The ability of integrated software to present solutions is evolving rapidly and has shifted to emphasize on what a best-practice modeling approach should be. One of the issues often raised is the link between a facies-based model incorporating depositional and sequence stratigraphic characteristics, and its use during dynamic simulation. In this presentation, we will suggest an approach that introduces the concept of modeling based on the reservoir rock type.

The example used is one of the major producing gas reservoirs in a giant field in central onshore Abu Dhabi where the general structure trends is Northeast – Southwest and has dimensions of 40 by 30 kms. Its main reservoir zones are part of the Lower Cretaceous Thamama group. The overall depositional environment is characterized by its location on the Arabian carbonate platform within an intrashelf basin.

Applying the sequence stratigraphy principles, the reservoir is divided into two parasequence sets. The lower part comprises of a progradational interval overlain by a retrogradational package, with the boundary between each package marking a stillstand. Five lithofacies were identified in the reservoir, bioclastic peloidal grainstone, algal packstone/floastone, bioclastic peloidal packstone, algal wackestone/floastone and bioclastic peloidal wackestone/packstone. These lithfacies are believed to be desposited on a homoclinal carbonate ramp that dipped gently seaward.

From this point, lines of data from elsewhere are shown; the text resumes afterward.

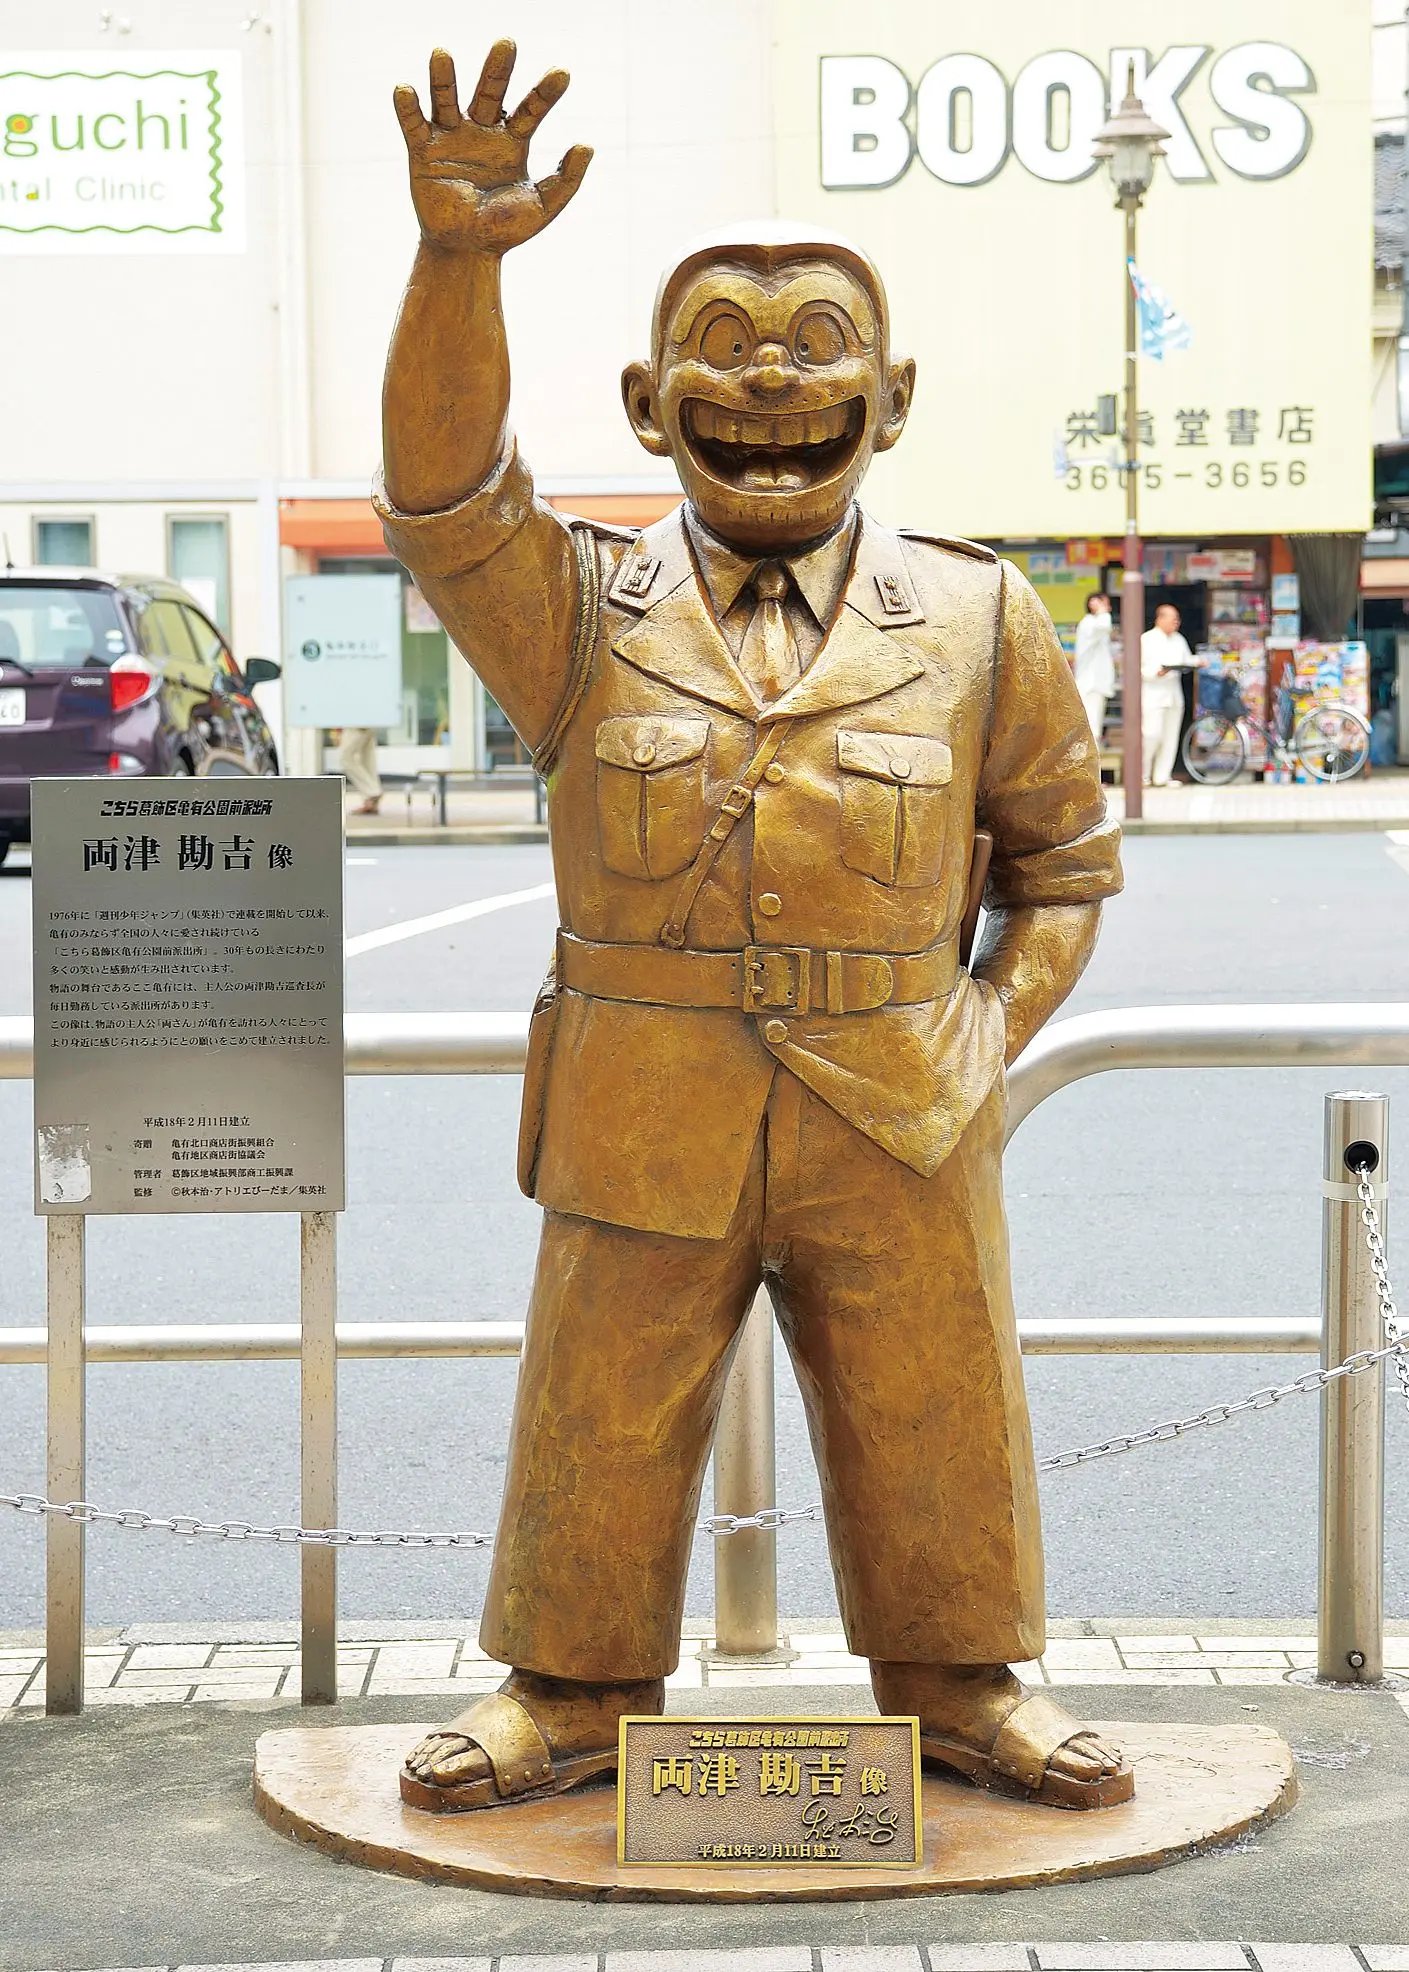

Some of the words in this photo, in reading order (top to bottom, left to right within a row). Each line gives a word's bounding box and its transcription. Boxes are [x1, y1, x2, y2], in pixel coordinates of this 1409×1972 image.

[820, 40, 1317, 191] BOOKS
[3, 99, 188, 157] guchi
[74, 176, 167, 201] Clinic
[100, 799, 274, 817] こちら葛飾区亀有公園前派出所
[82, 835, 161, 872] 両津
[177, 835, 256, 872] 勘吉
[267, 843, 294, 870] 像
[49, 927, 260, 939] 亀有のみならず全国の人々に愛され続けている
[50, 962, 234, 975] 多くの笑いと感動が生み出されています。
[50, 1000, 214, 1012] 毎日勤務している派出所があります。
[50, 1036, 330, 1048] より身近に感じられるようにとの願いをこめて建立されました。
[133, 1139, 153, 1149] 寄贈
[171, 1138, 275, 1149] 亀有北口商店街振興組合
[171, 1150, 266, 1161] 亀有地区商店街協議会
[133, 1169, 162, 1179] 管理者
[171, 1168, 294, 1179] 葛飾区地域振興部商工振興課
[133, 1187, 153, 1198] 監修
[689, 1730, 849, 1748] こちら葛飾区亀有公園前派出所
[652, 1753, 741, 1796] 両津
[758, 1752, 847, 1796] 勘吉
[860, 1766, 889, 1796] 像
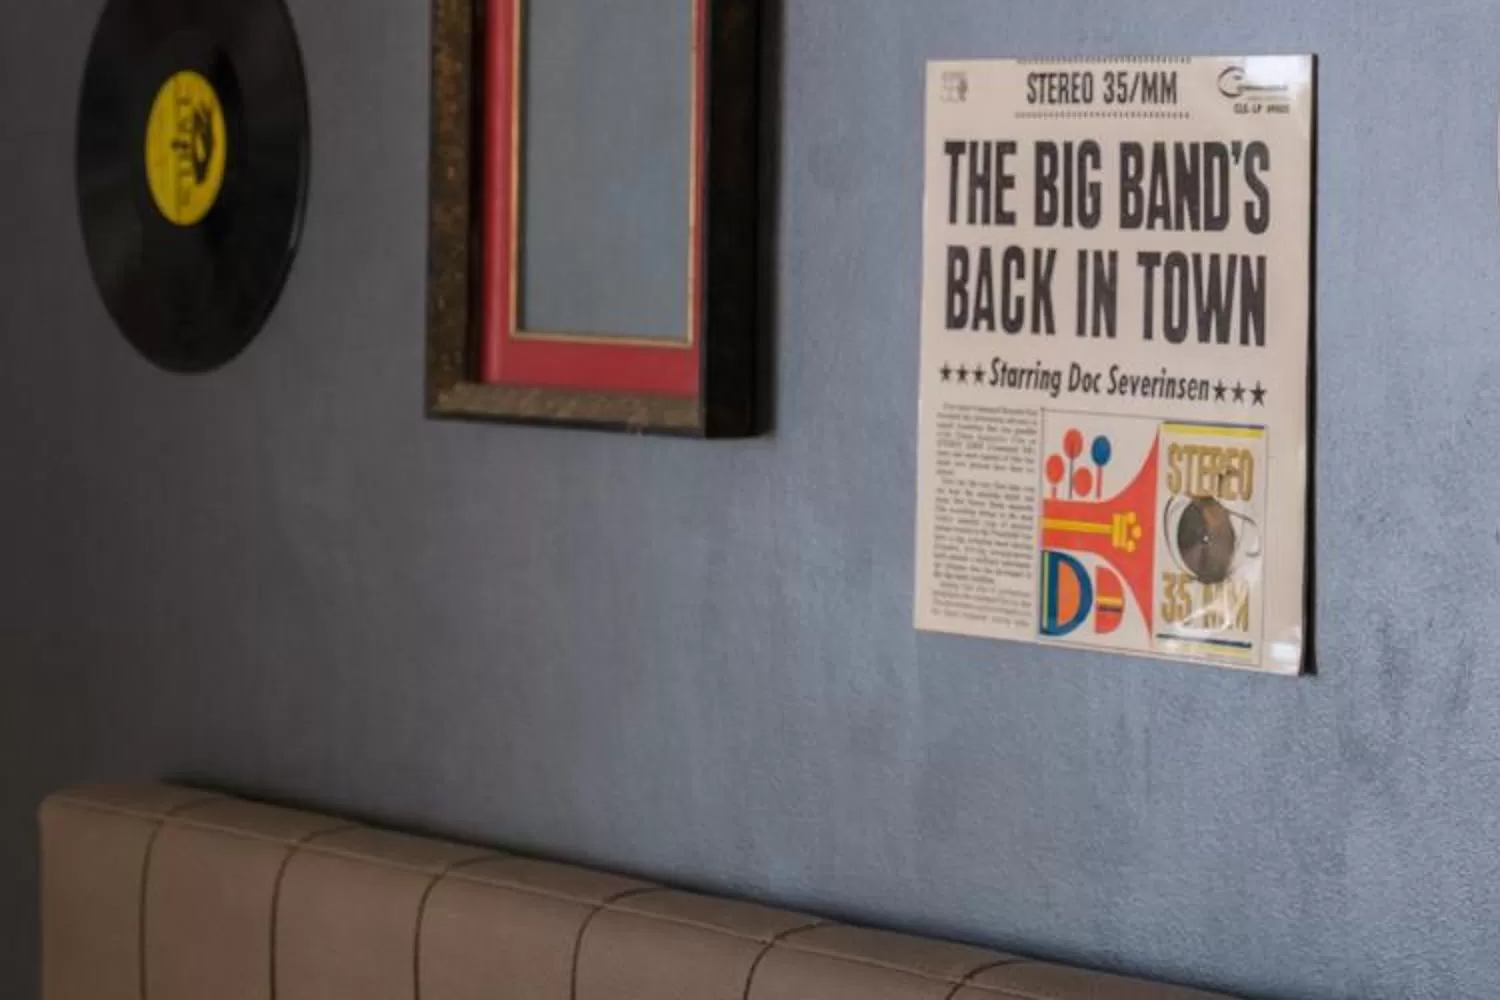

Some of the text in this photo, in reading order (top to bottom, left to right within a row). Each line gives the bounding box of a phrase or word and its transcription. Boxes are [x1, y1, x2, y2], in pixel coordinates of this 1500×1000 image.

[1026, 71, 1178, 105] STEREO 35/MM
[944, 139, 1271, 235] THE BIG BAND'S
[945, 245, 1267, 347] BACK IN TOWN
[989, 357, 1210, 402] Starring Doc Severinsen
[1166, 443, 1254, 501] STEREO
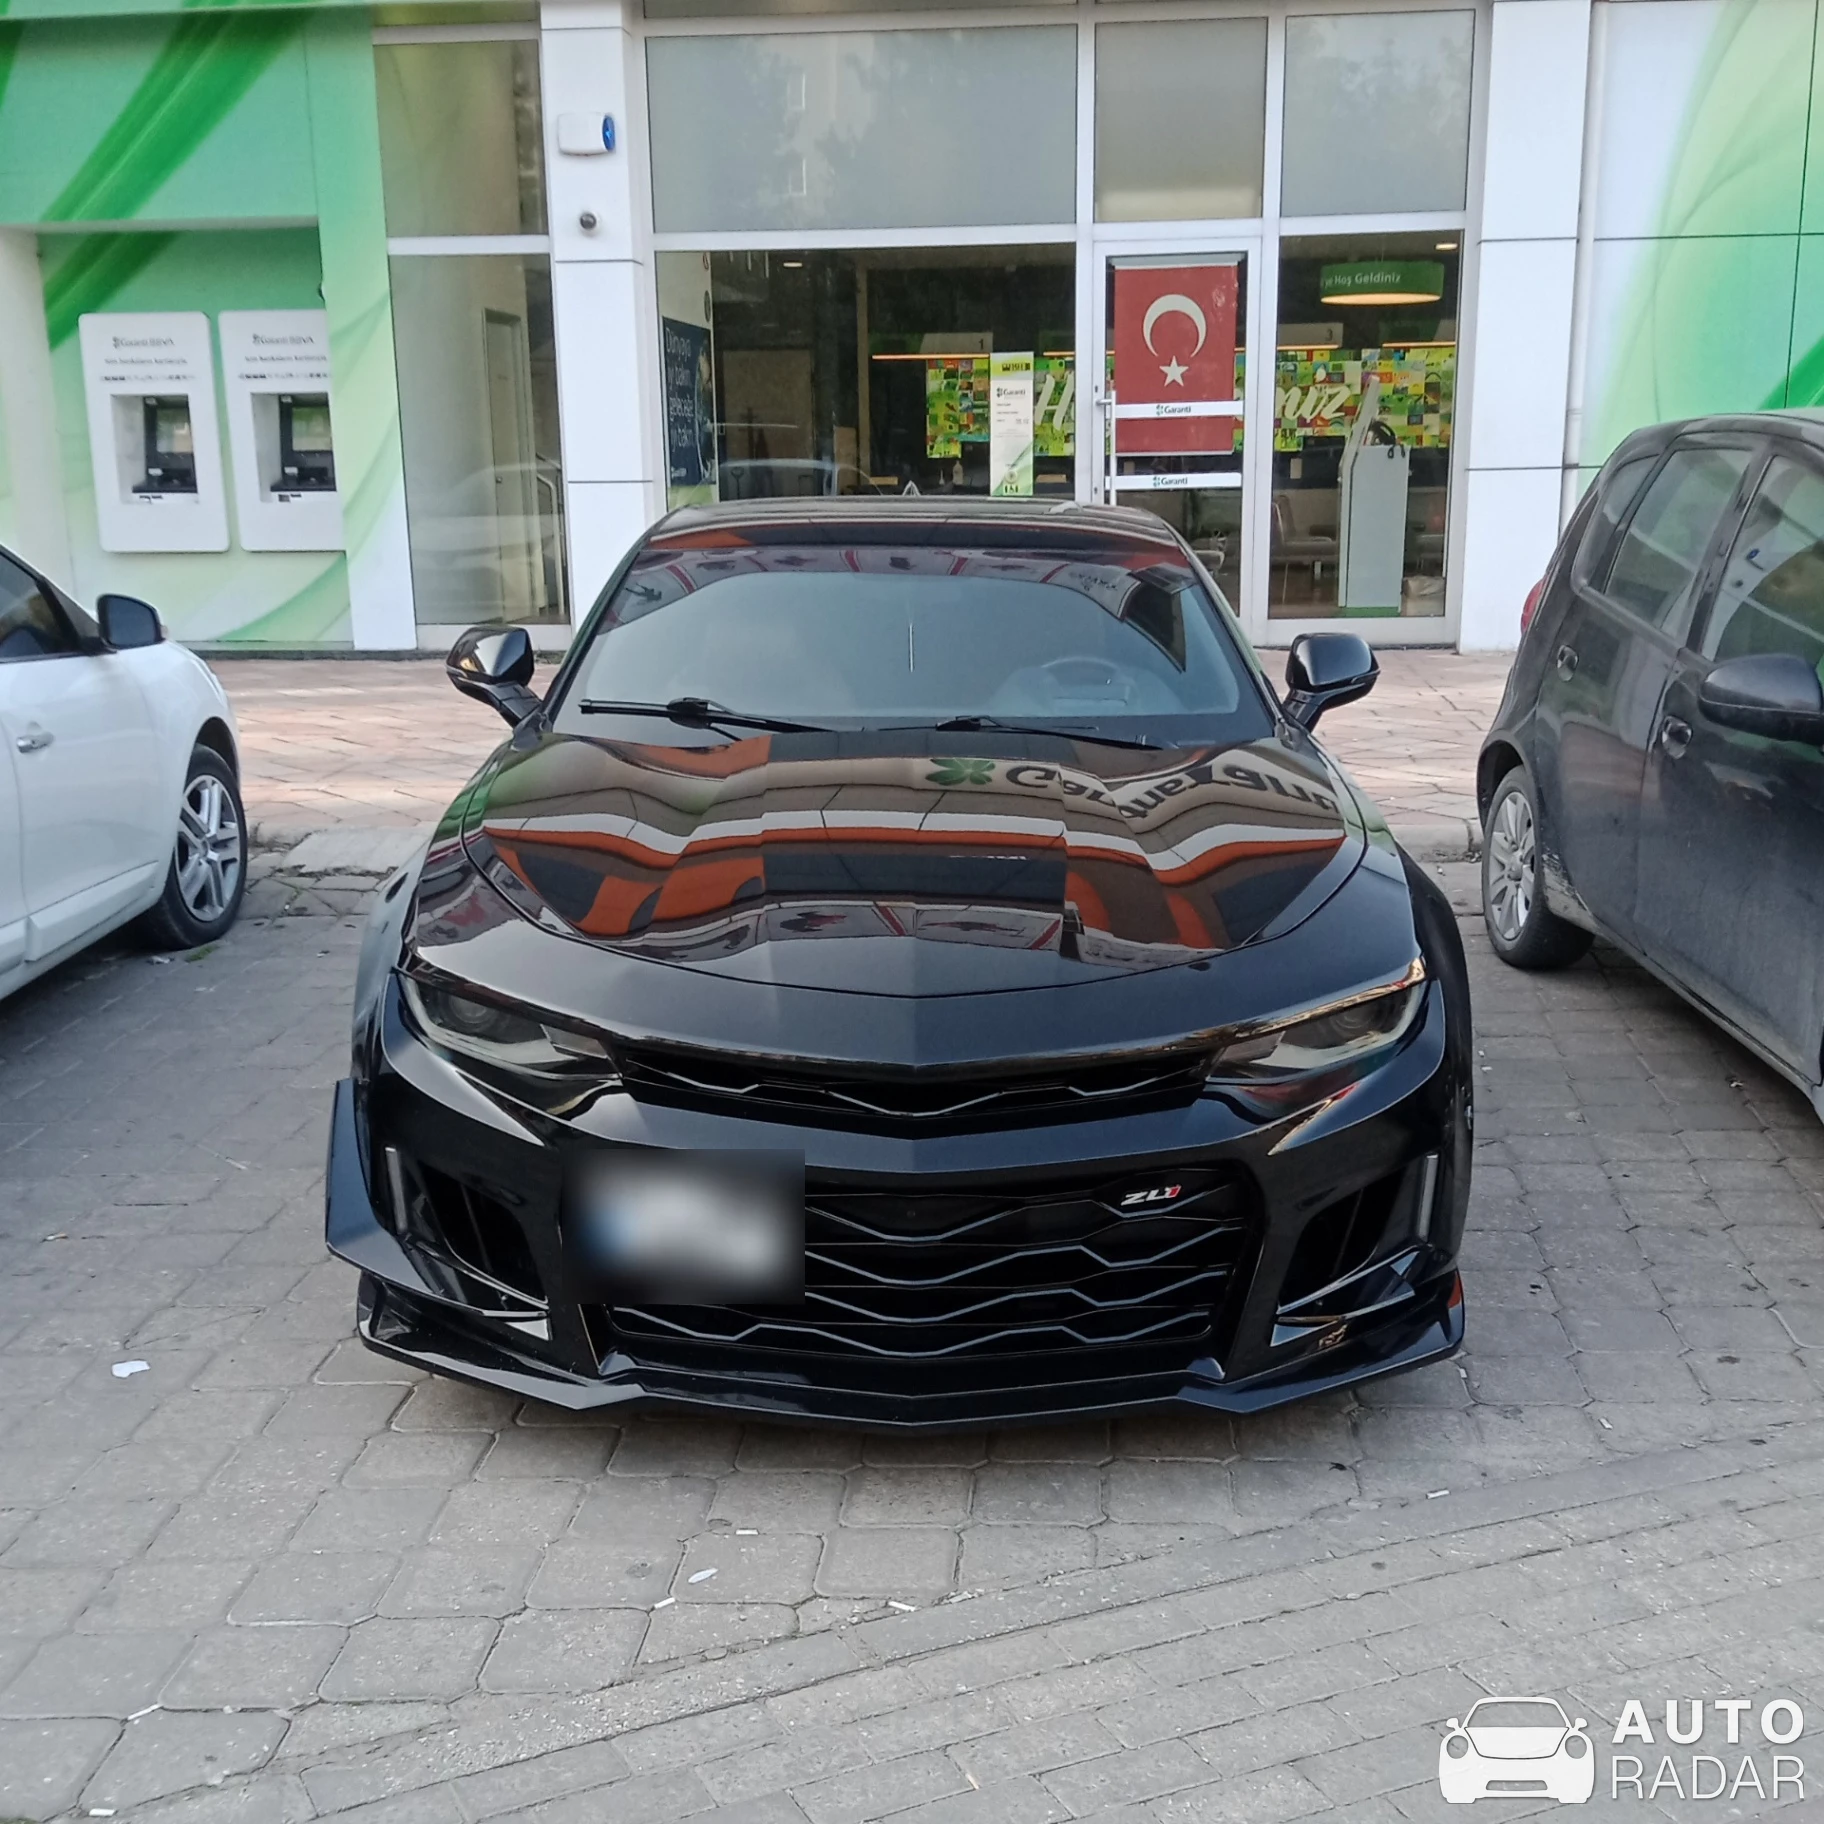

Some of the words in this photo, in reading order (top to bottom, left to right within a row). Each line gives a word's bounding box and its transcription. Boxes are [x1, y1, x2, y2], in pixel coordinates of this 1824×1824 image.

[1334, 275, 1352, 287] Hoş
[1355, 271, 1401, 285] Geldiniz
[978, 338, 984, 350] 1
[1163, 405, 1192, 415] Garanti
[1160, 477, 1188, 486] Garanti
[1121, 1185, 1182, 1206] ZL1

Porosity and permeability are well developed in the reservoir section due to a lack of pore-filling cement. In the field, a clear general trend occurs of down flank porosity reduction of more than 10% from Crest down to the water-bearing zone. This is mainly due to the increased abundance of stylolite formed during burial diagenesis during hydrocarbon migration and infill of the structural trap.

Analysis of both thin section descriptions and high-pressure mercury injection led to the identification of five distinctive rock types. Each reservoir rock type has a certain effective pore throat size distribution which will produce a particular capillary pressure curves and control porosity, permeability and water saturation.